**Data records:**
◆ ◆ ◆ ◆

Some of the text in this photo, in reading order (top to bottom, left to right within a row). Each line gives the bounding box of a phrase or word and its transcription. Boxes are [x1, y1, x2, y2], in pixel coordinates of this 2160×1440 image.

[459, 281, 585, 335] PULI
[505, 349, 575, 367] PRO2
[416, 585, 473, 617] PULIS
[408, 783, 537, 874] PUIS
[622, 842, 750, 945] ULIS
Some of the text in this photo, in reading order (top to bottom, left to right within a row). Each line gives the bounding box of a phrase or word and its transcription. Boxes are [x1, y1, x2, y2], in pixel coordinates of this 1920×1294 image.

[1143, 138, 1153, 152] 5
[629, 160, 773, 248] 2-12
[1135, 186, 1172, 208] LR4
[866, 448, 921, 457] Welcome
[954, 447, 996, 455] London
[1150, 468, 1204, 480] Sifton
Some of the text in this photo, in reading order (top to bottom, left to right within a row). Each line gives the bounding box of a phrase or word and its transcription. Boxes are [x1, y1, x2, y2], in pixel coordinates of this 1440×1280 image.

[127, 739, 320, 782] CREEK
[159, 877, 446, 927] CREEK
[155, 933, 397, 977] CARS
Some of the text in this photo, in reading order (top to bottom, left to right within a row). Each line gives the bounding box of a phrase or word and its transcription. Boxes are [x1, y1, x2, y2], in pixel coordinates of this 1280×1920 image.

◆ ◆ ◆ ◆

Reproduce each entry exactly, with nothing missing.

Some of the text in this photo, in reading order (top to bottom, left to right within a row). Each line gives the bounding box of a phrase or word and its transcription. Boxes are [x1, y1, x2, y2], in pixel coordinates of this 2160×1440 image.

[459, 281, 585, 335] PULI
[505, 349, 575, 367] PRO2
[416, 585, 473, 617] PULIS
[408, 783, 537, 874] PUIS
[622, 842, 750, 945] ULIS
Some of the text in this photo, in reading order (top to bottom, left to right within a row). Each line gives the bounding box of a phrase or word and its transcription. Boxes are [x1, y1, x2, y2], in pixel coordinates of this 1920×1294 image.

[1143, 138, 1153, 152] 5
[629, 160, 773, 248] 2-12
[1135, 186, 1172, 208] LR4
[866, 448, 921, 457] Welcome
[954, 447, 996, 455] London
[1150, 468, 1204, 480] Sifton
Some of the text in this photo, in reading order (top to bottom, left to right within a row). Each line gives the bounding box of a phrase or word and its transcription. Boxes are [x1, y1, x2, y2], in pixel coordinates of this 1440×1280 image.

[127, 739, 320, 782] CREEK
[159, 877, 446, 927] CREEK
[155, 933, 397, 977] CARS
Some of the text in this photo, in reading order (top to bottom, left to right within a row). Each line gives the bounding box of a phrase or word and its transcription. Boxes are [x1, y1, x2, y2], in pixel coordinates of this 1280×1920 image.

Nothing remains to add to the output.